Antibiotic resistant bacteria is an increasing global problem and will affect every aspect of daily life - from medical treatment to food production. iGEM NTNU Trondheim wanted to raise awareness and share knowledge about phage therapy as a potential solution to antibiotics through lectures, article in GENialt, Researcher's night and social media.
Lecture at the Medicine and Health Library
Jenny with stuffed bacteria.
We had a lecture at the Medicine and Health Library about our project. In advance, the communication advisor, Anja Johansen, had put up an mini exhibition about resistant bacteria and bacteriophages, which included literature, poster about iGEM and the team, and "giant bacteria" (stuffed animals). Through the presentation we were able to inform people about antibiotic resistant bacteria, bacteriophages and the concept of "Phage age". After the talk people were free to ask questions or just talk to us. A dermatologist was so impressed by our project, and asked us kindly to take a picture and post it on Twitter.

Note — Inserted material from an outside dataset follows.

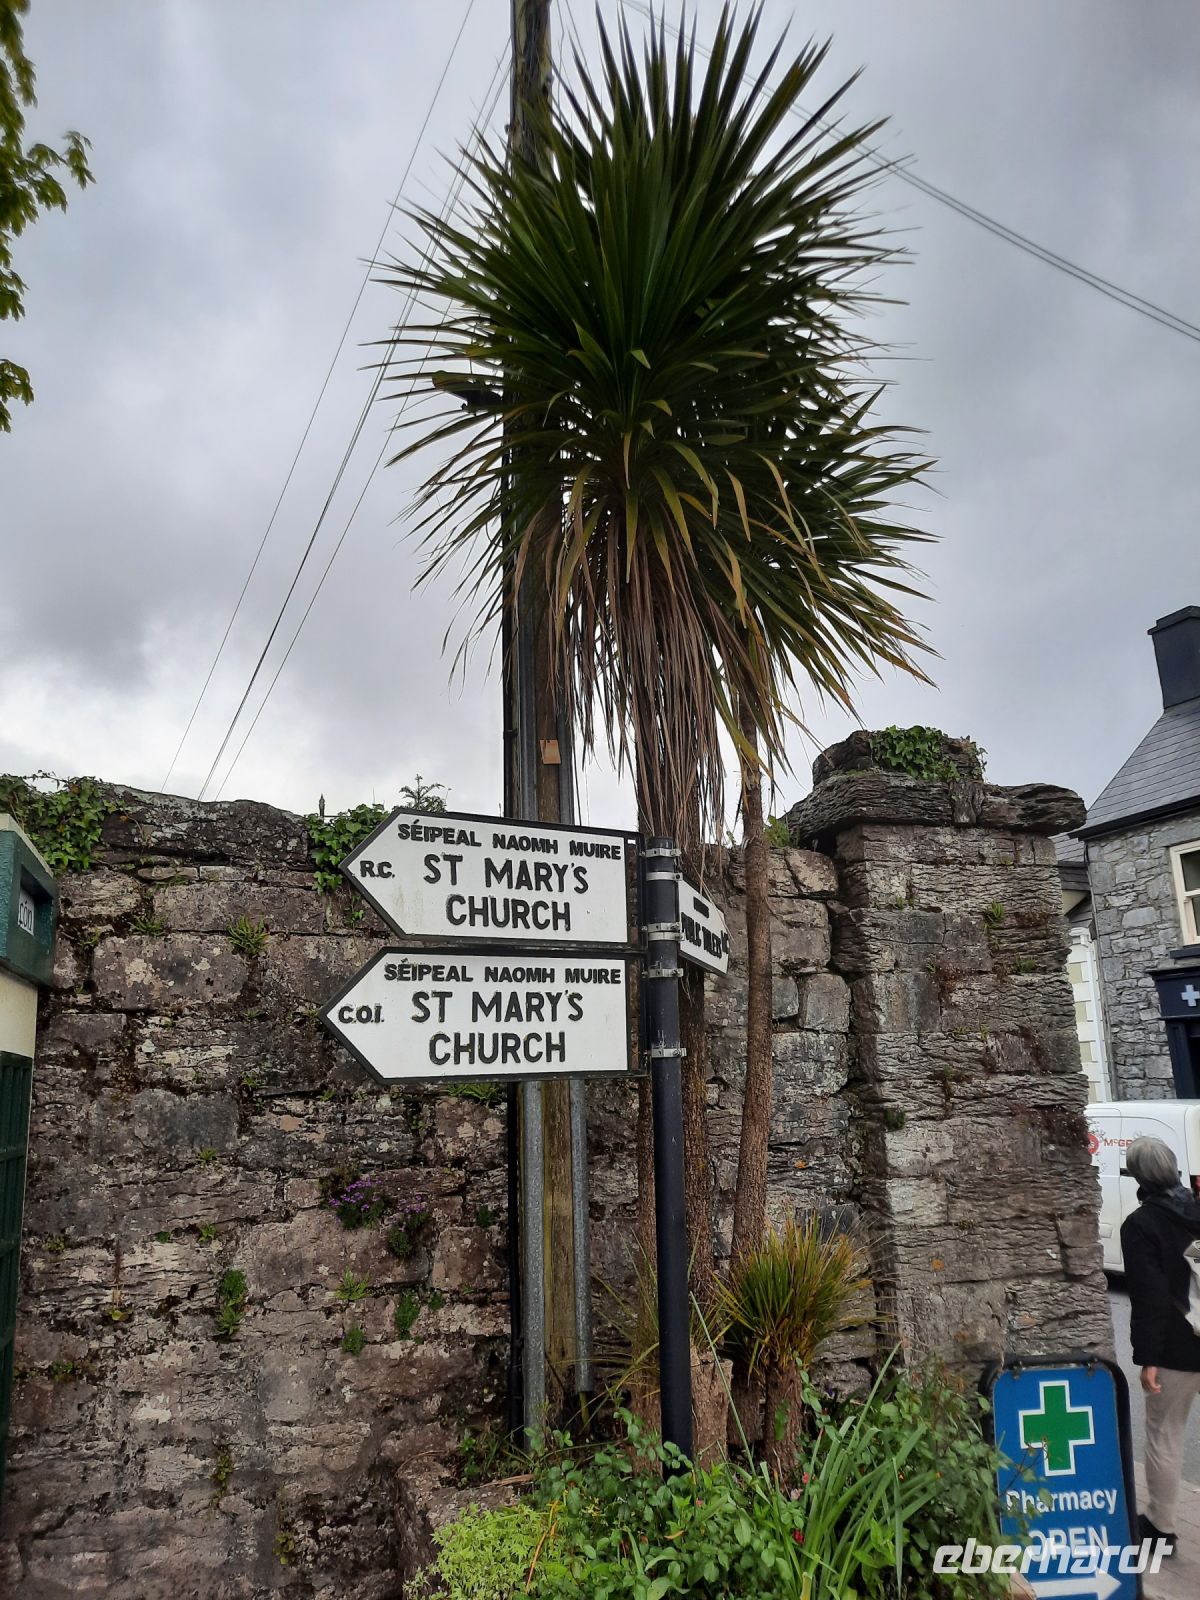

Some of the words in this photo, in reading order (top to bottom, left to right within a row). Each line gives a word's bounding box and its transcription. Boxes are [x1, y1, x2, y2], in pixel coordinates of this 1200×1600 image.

Lecture at the Department of Biotechnology and Food Science
Peter D. explaining chemostat setup.
We held a presentation at the Department of Biotechnology and Food Science, where professors, researchers and PhD-students were present. There was an interesting discussion afterwards, with many good questions from the audience.

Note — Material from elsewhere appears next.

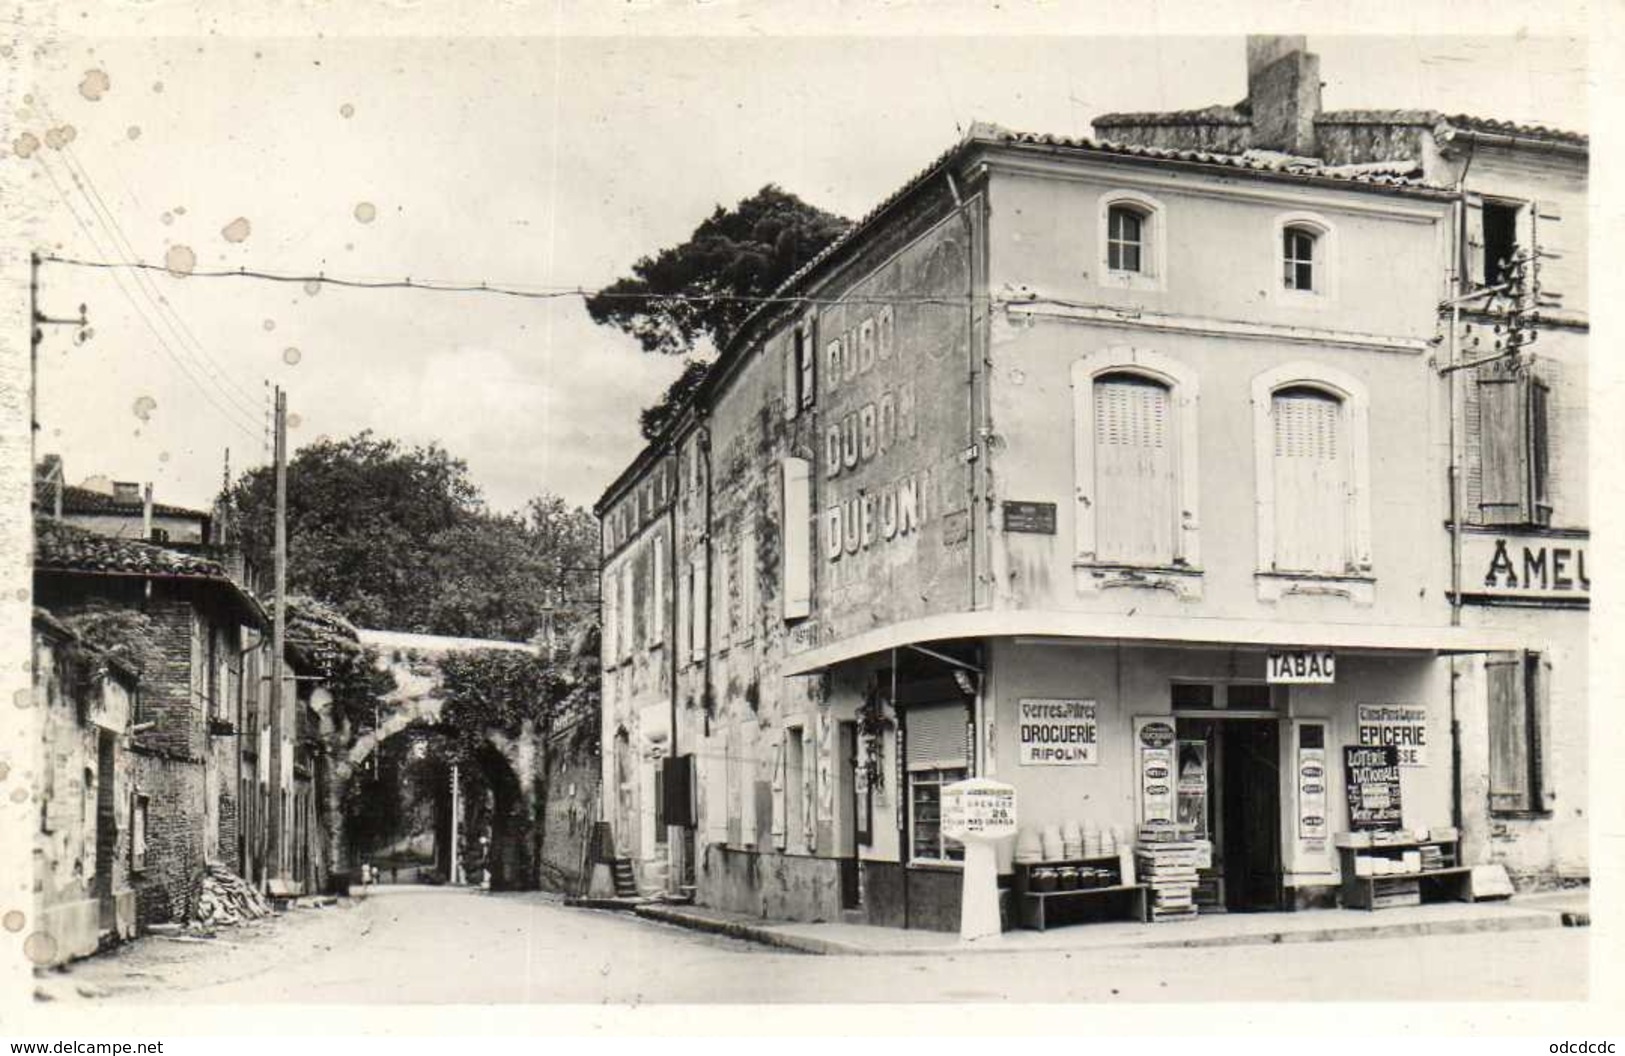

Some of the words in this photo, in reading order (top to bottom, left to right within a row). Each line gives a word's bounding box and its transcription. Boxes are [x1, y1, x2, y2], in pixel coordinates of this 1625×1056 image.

Researcher's night is arranged each year since 2005 at NTNU and attracts more than 1200 high school students. It aims to present reseach, natural science and technology in an fun and interactive way with more than 30 stands and lectures. On Friday 29th of September we joined Researcher's night and conveyed our research by having different stand-activities, such as Kahoot (questions) about our project and synthetic biology. We used legobricks to explain how DNA editing works, and stuffed animals to illustrate how a virus attacks a bacterium. We also used small petri dishes containing dessert gel, to explain how we grow bacteria in the lab. The most exciting part with this was that the students could eat the gel, which made them curious and wanted to hear more about us. All in all, it was a great night with engaged and interested teenagers.
Peter H, Marta and Sheida at stand during the Researcher's Night event.

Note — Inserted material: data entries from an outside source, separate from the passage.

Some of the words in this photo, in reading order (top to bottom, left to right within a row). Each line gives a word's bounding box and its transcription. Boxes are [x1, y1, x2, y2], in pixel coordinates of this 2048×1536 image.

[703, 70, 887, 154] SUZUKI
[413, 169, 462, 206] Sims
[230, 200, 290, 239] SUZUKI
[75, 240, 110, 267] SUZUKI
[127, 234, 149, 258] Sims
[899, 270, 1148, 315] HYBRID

GENialt interview and article
Article in GENialt about our project.
Marianna was interviwed in GENialt, the journal published by the Norwegian Biotechnology advisory board, about our project and iGEM. GENialt focuses on ethical and social aspects on the application of modern biotechnology.
The interview can be found here (in Norwegian).
Social media is an easy way to connect with people outside the scientific community. Through Facebook, Instagram and Twitter we shared our failures and successes, and people got to know the NTNU Trondheim team. Social media were also an important platform to promote our sponsors for their attribution.
The iGEM NTNU 2017 Facebook page gained more than 260 likes. Below is a screen shot of our Facebook page and a selection of pictures shared during the summer.
Screenshot of facebook page.
On instagram we shared 54 posts with more than 180 followers, where the majority was iGEM teams from all over the world. This was a great way to interact with other iGEM teams. Below is a screen shot of our instagram account.
Screenshot of instagram page.
We inherited the Twitter account from previously iGEM NTNU teams. On twitter we had more than 350 followers that we shared our progress with. Twitter gave us the opportunity to follow companies, scientists and other iGEM teams. Below is a screenshot of our Twitter page.
Screenshot of Twitter page.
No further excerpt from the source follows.